# What the task requires:
With every picture left out, give the data below back exactly.

# Extracted material:

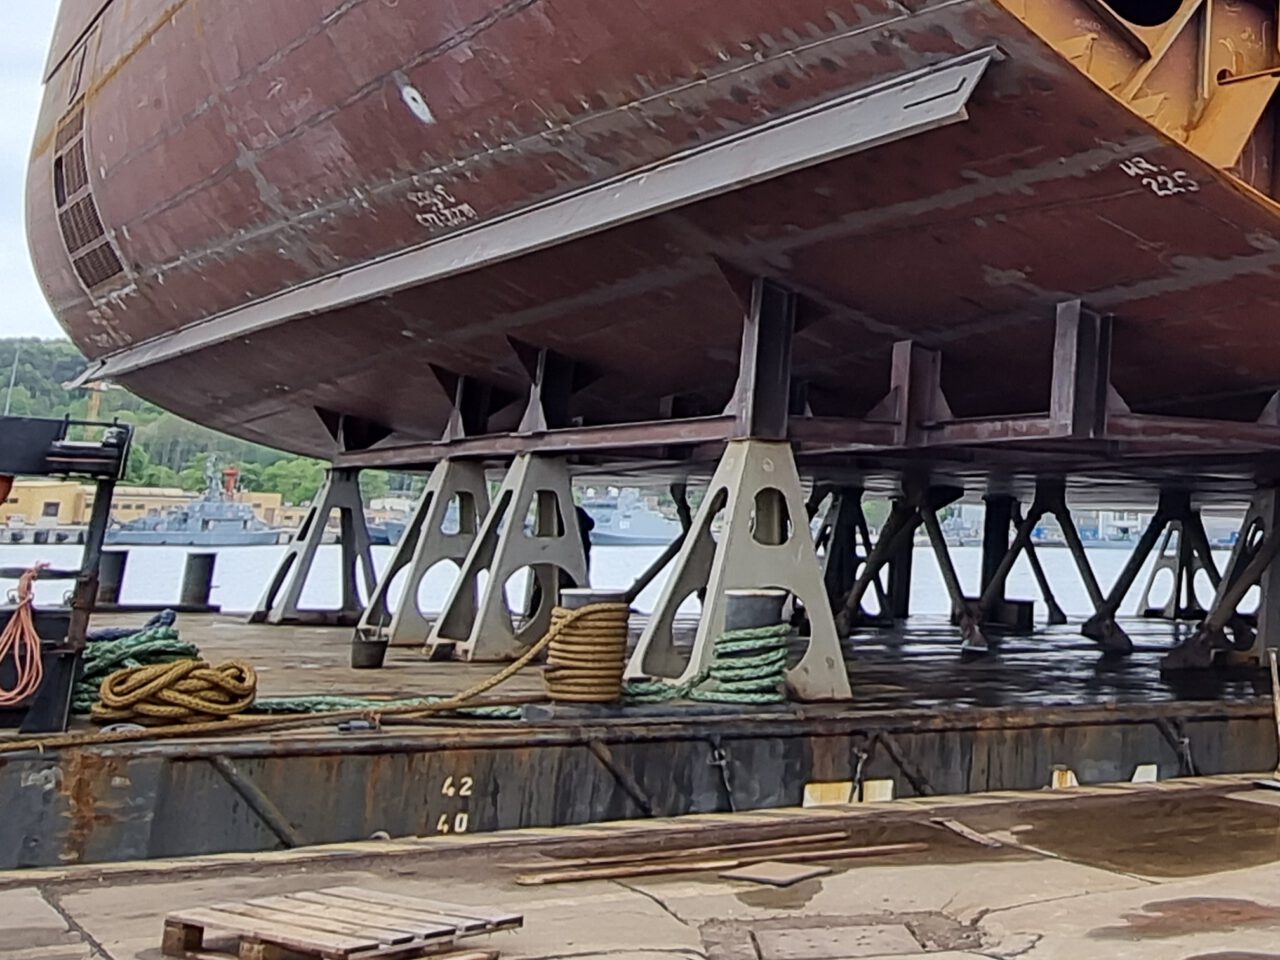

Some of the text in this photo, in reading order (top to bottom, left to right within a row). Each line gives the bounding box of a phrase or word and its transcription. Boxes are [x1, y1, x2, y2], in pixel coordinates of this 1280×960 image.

[1141, 170, 1200, 196] 225
[441, 775, 474, 797] 42
[437, 812, 469, 834] 40
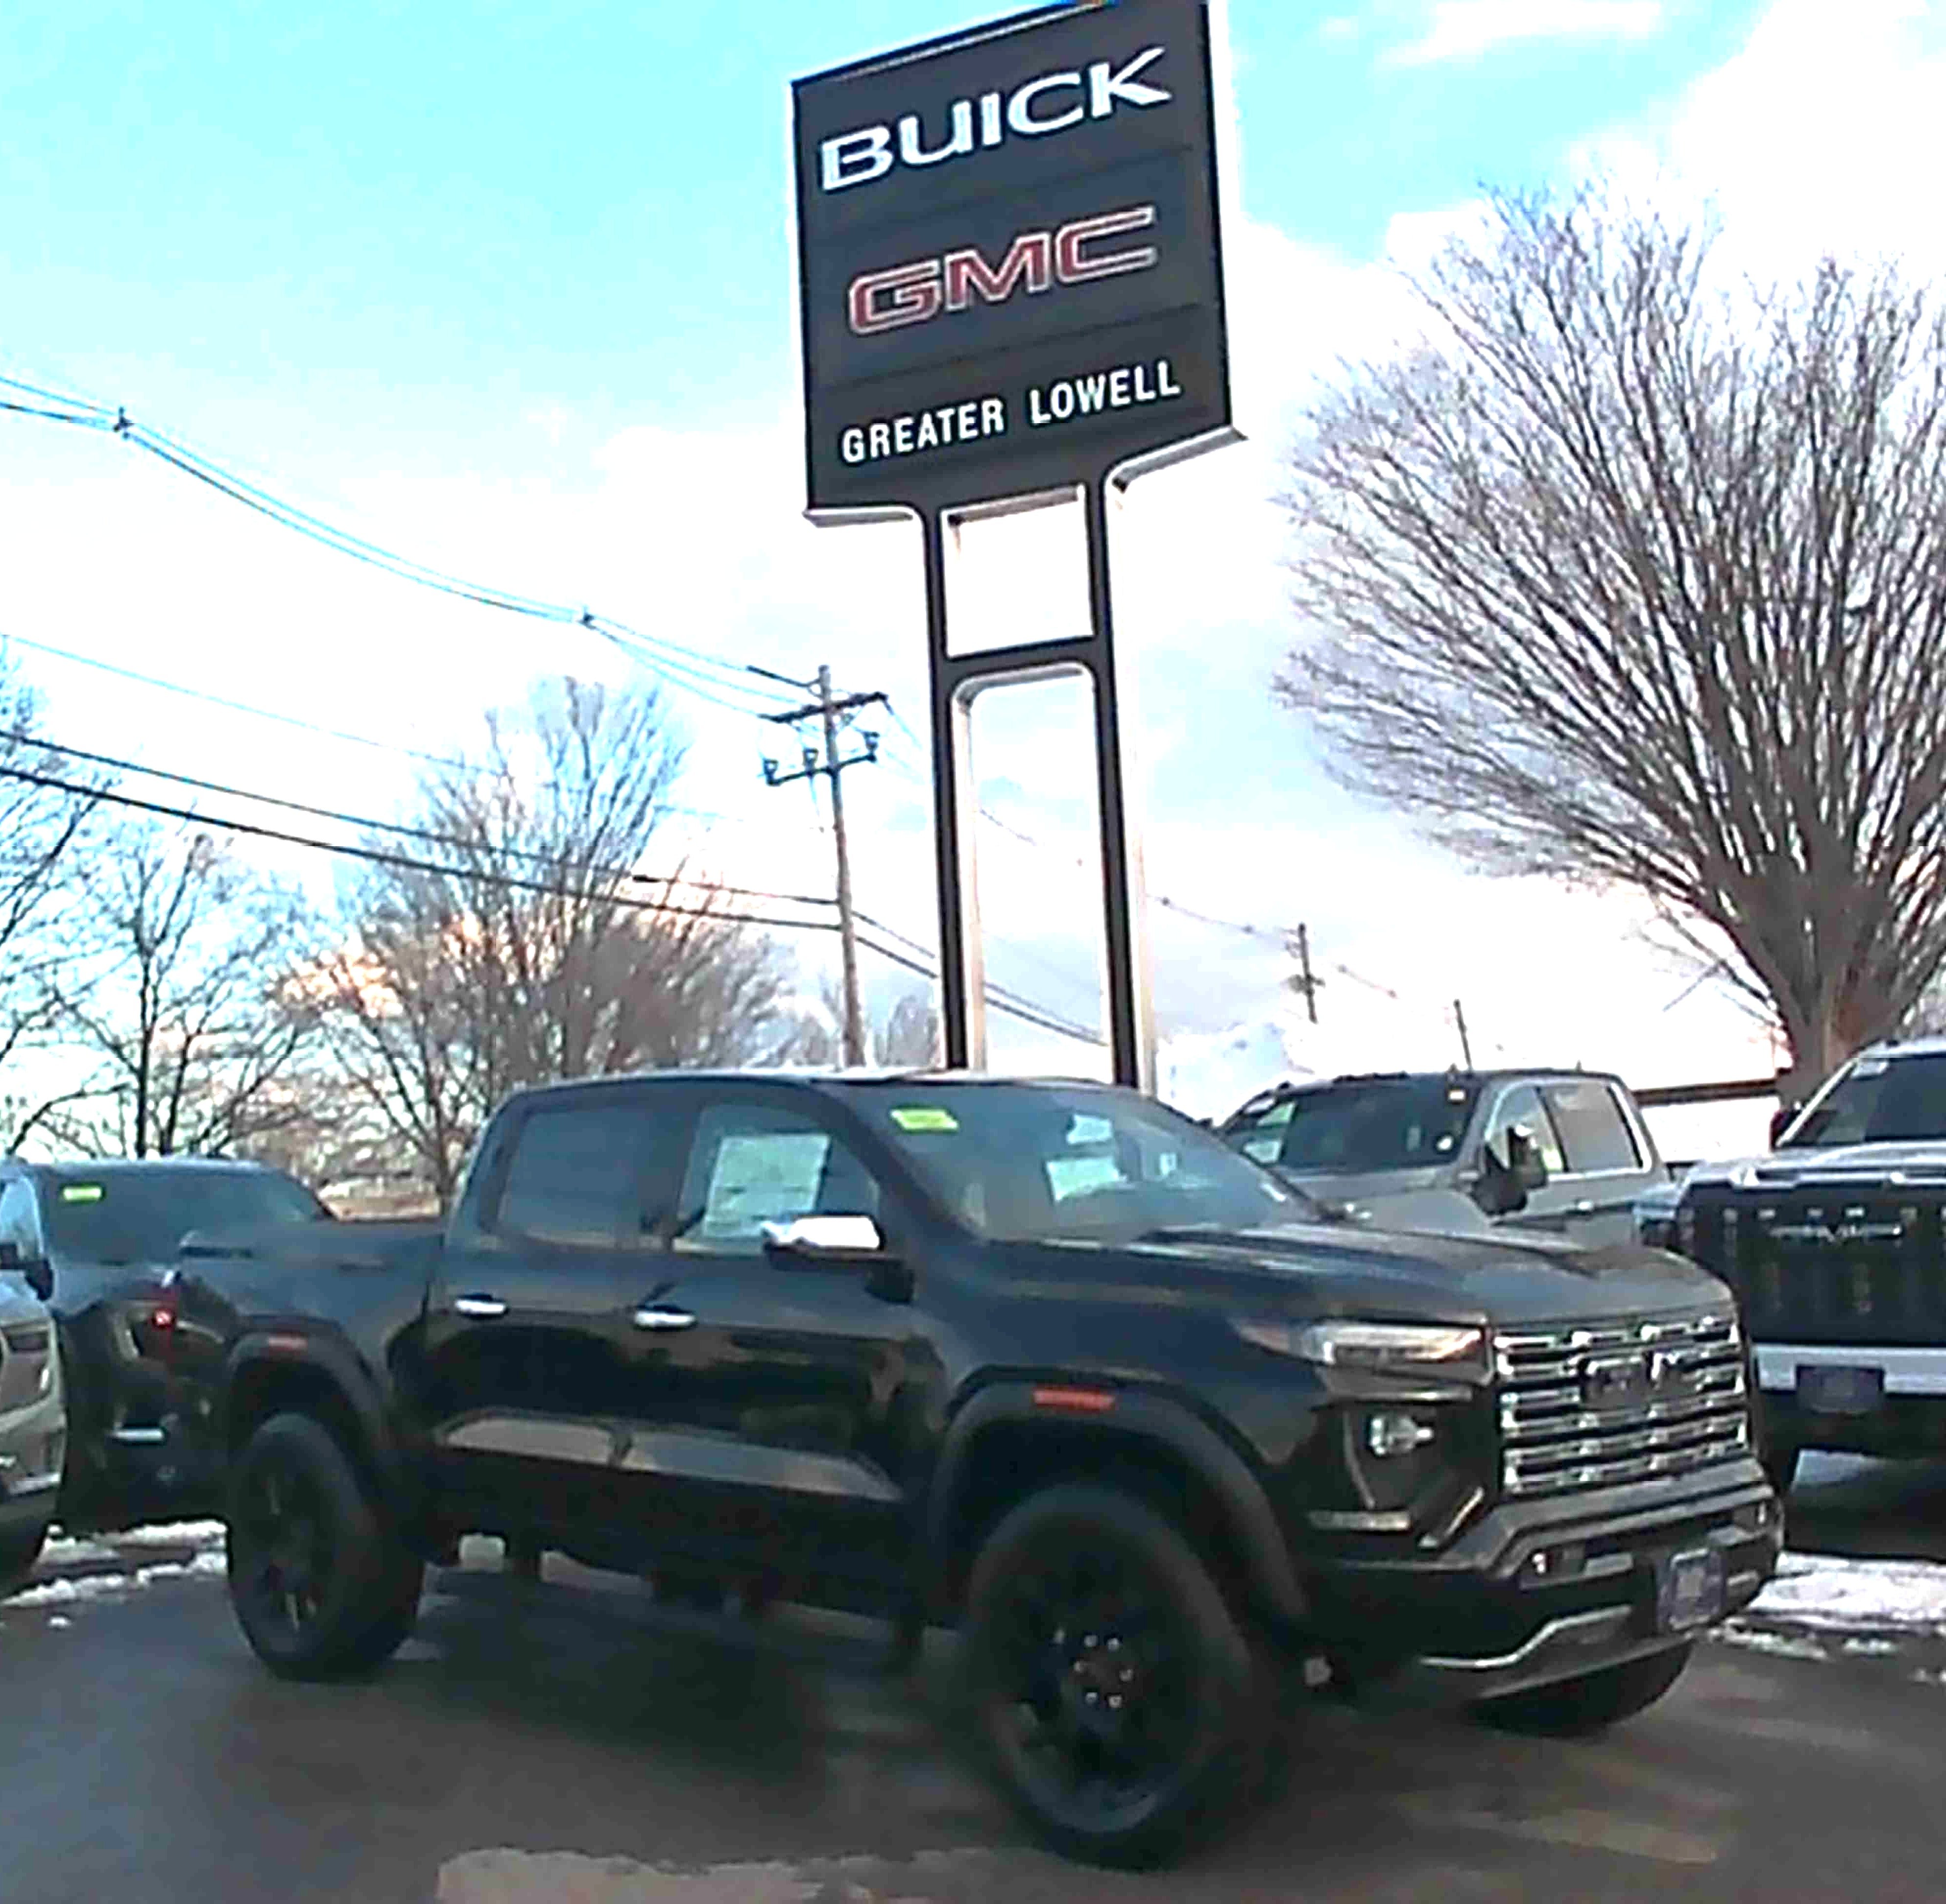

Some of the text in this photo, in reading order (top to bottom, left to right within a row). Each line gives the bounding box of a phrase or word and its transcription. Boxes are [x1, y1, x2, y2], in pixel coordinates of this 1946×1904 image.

# Written response:
Some of the text in this photo, in reading order (top to bottom, left to right within a row). Each line gives the bounding box of a phrase or word and its transcription. Boxes are [x1, y1, x2, y2], in pixel coordinates of this 1280×960 image.

[1141, 170, 1200, 196] 225
[441, 775, 474, 797] 42
[437, 812, 469, 834] 40

Some of the text in this photo, in reading order (top to bottom, left to right within a row). Each line gives the bounding box of a phrase or word and its transcription. Boxes are [x1, y1, x2, y2], in pixel coordinates of this 1946×1904 image.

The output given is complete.